The formation of hydrate plugs may cause production to stop, and thus engender large financial losses. Further, restart of a facility, especially if it involves offshore production or transport, may be lengthy as it is difficult to decompose the hydrates formed. In fact, when the production of a submarine field for natural gas or oil and gas comprising water reaches the surface of the sea bed and is then transported on the sea bottom, the drop in temperature of the effluent means that the thermodynamic conditions for hydrate formation are satisfied; they agglomerate and block the transfer lines. The temperature on the sea bottom may, for example, by 3° C. or 4° C.

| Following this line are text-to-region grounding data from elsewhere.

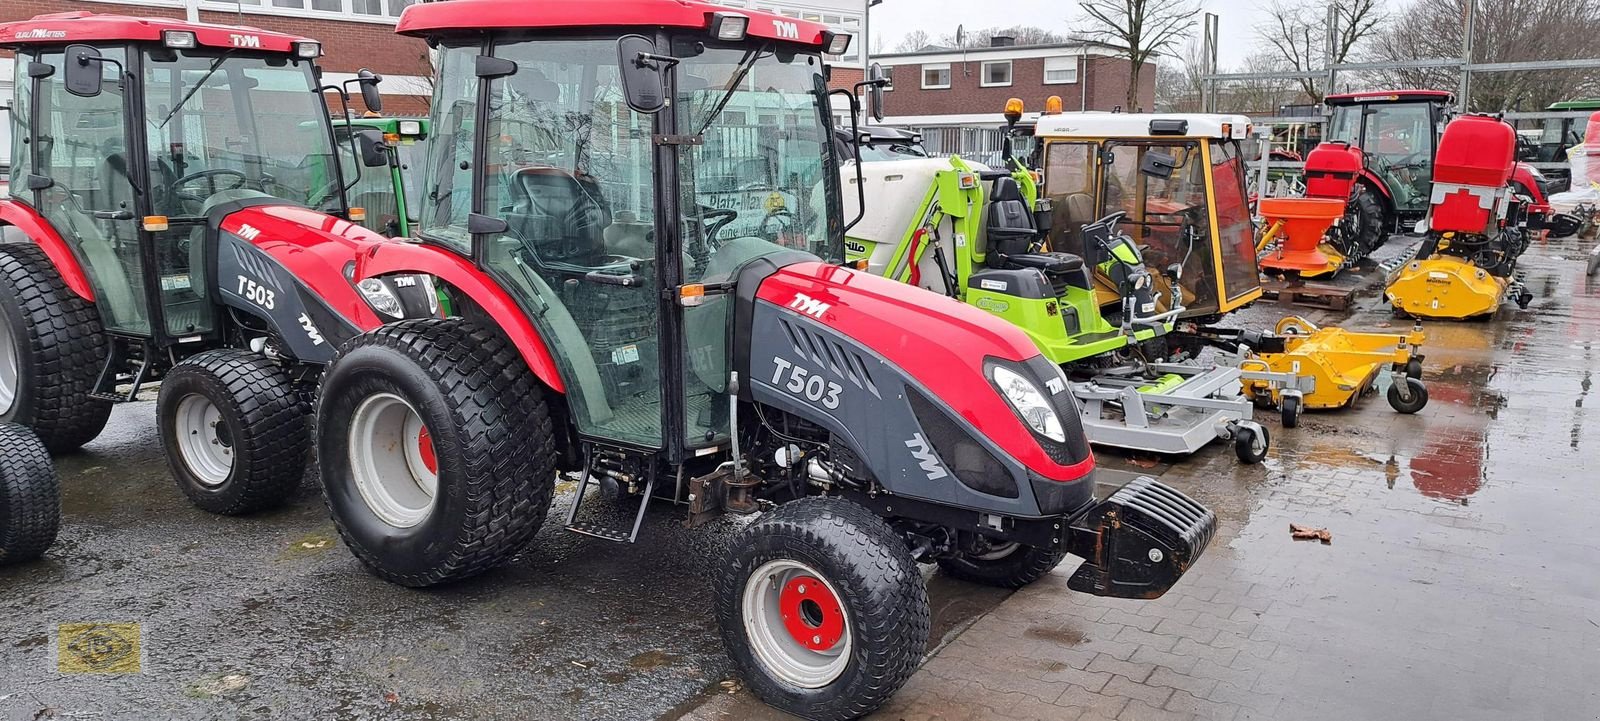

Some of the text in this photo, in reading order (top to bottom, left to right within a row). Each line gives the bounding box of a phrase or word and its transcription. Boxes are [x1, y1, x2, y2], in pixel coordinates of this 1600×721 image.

[772, 19, 799, 39] TYM
[230, 34, 260, 48] TYM
[237, 223, 261, 240] TYM
[237, 275, 275, 310] T503
[394, 276, 416, 288] TYM
[790, 293, 832, 318] TYM
[298, 312, 325, 346] TYM
[771, 356, 844, 410] T503
[1045, 376, 1065, 396] TYM
[904, 432, 948, 481] TYM
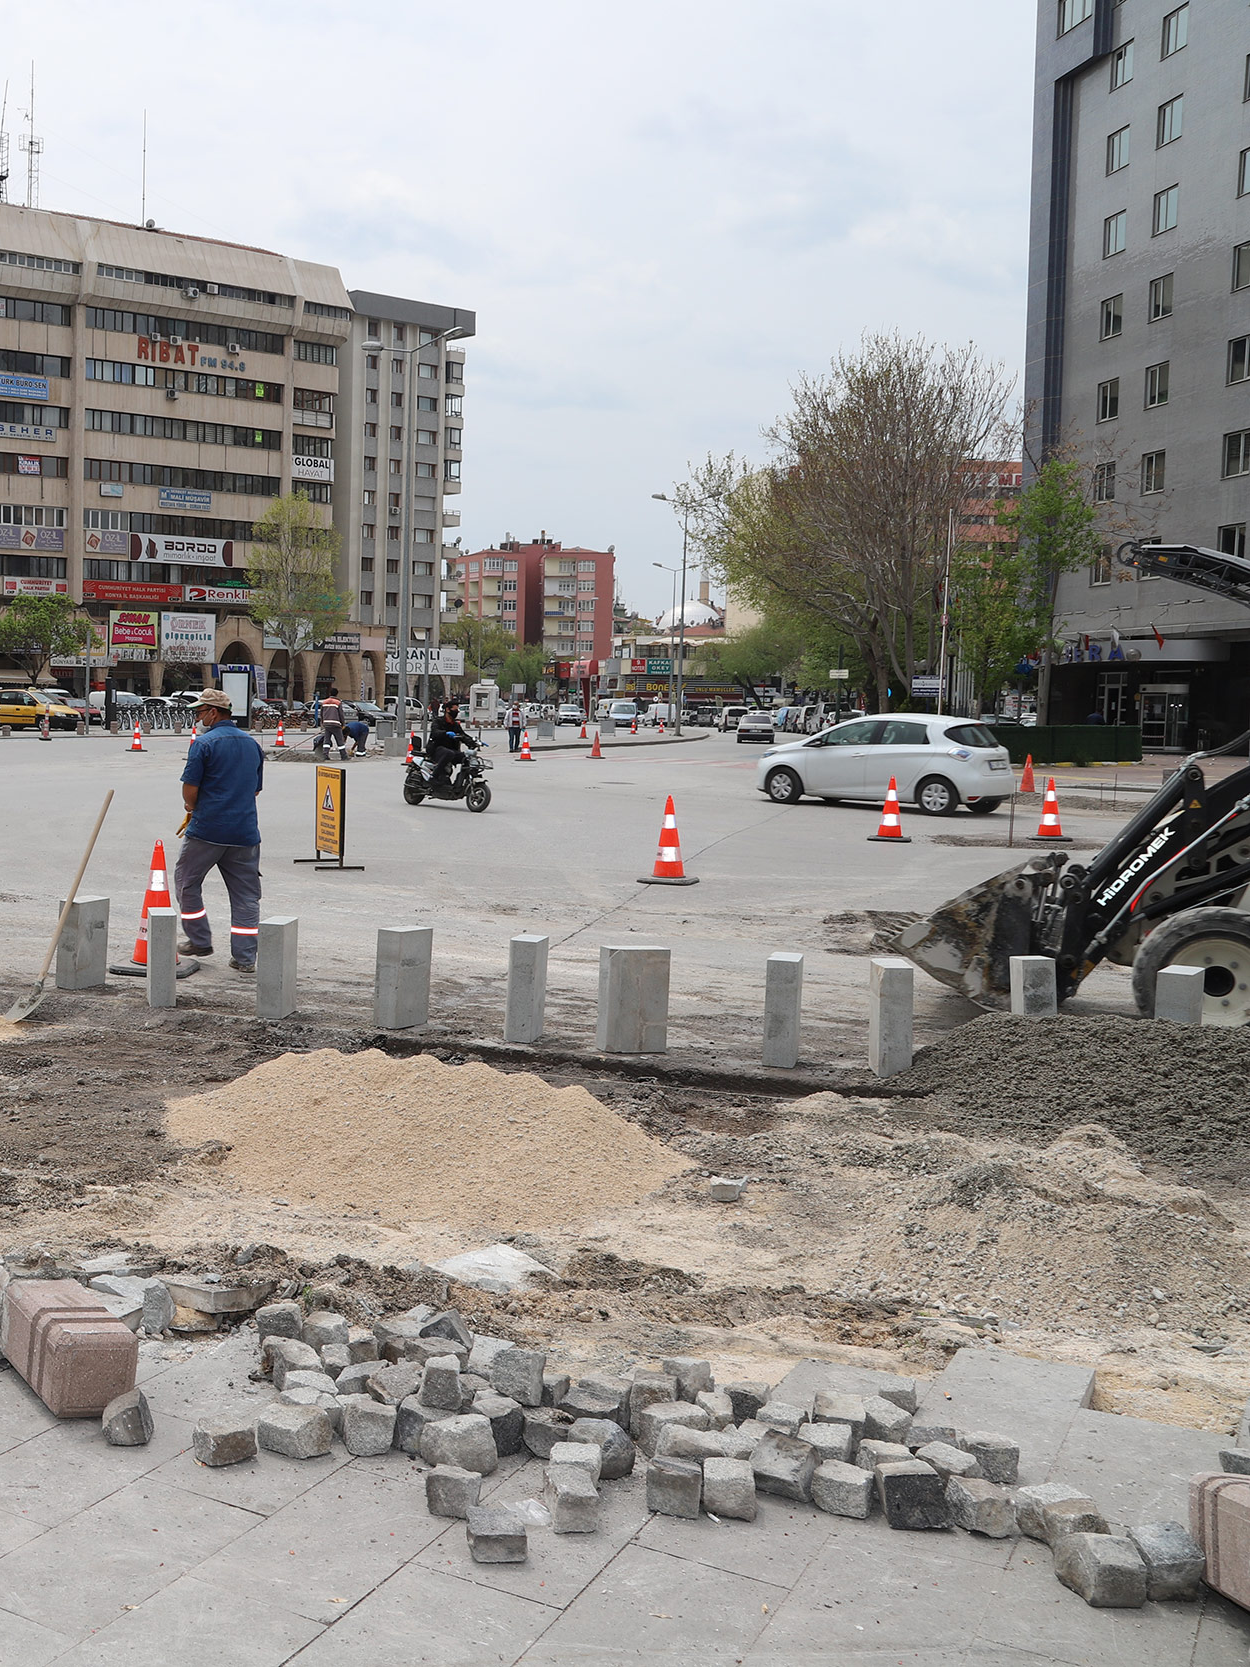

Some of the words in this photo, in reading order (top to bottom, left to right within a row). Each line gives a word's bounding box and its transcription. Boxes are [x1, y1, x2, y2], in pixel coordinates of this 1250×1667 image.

Conditions favorable to the formation of hydrates may also occur on land for lines which are above ground or are not deeply buried in the ground when, for example, the ambient air temperature is cold.
2. Description of Related Art
To overcome such disadvantages, the prior art has sought to use products which, when added to fluid, can act as inhibitors by reducing the thermodynamic hydrate stability temperature. They are alcohols such as methanol or glycols such as mono-, di- and tri-ethylene glycol. That solution is very expensive as the quantity of inhibitors to be added may reach 10% to 40% of the water content; further, such alcohols pollute the effluents as such inhibitors are difficult to recover.
Insulation of the transport lines has also been recommended to prevent the temperature of the transported fluid from reaching the hydrate formation temperature under the operating conditions. Again, such a technique is very expensive.
Further, a variety of non-ionic or anionic surfactants have been tested for their hydrate formation retarding ability in a fluid comprising a gas, in particular a hydrocarbon, and water. An example which may be cited is the article by Kuliev et al: “Surfactants Studied as Hydrate Formation Inhibitors”, Gazovoe Delo N° 10, 1972, 17-19, reported in Chemical Abstracts 80, 1974, 98122r.
Further, the use of additives capable of modifying the hydrate formation mechanism has been described since, instead of rapidly agglomerating to form plugs, the hydrates formed disperse in the fluid without agglomerating and without obstructing the lines. In this regard, the Applicant's European patent application EP-A-0 323 774 may be cited, which describes the use of non-ionic amphiphilic compounds selected from esters of polyols and substituted or unsubstituted carboxylic acids, and compounds with an imide function; EP-A-0 323 775, also in the Applicant's name, describes the use of compounds belonging to the fatty acid diethanolamide or fatty acid derivative family; U.S. Pat. No. 4,856,593 describes the use of surfactants such as organic phosphonates, phosphate esters, phosphonic acids, their salts and their esters, inorganic polyphosphates and their esters, as well as polyacrylamides and polyacrylates; and EP-A-0 457 375, which describes the use of anionic surfactants such as alkylarylsulfonic acids and their alkali metal salts.
Amphiphilic compounds obtained by reacting at least one succinic derivative selected from the group formed by polyalkenyl succinic acids and anhydrides on at least one polyethylene glycol monoether have also been proposed to reduce the tendency of natural gas, petroleum gas or other gases to agglomerate (patent application EP-A-0 582 507).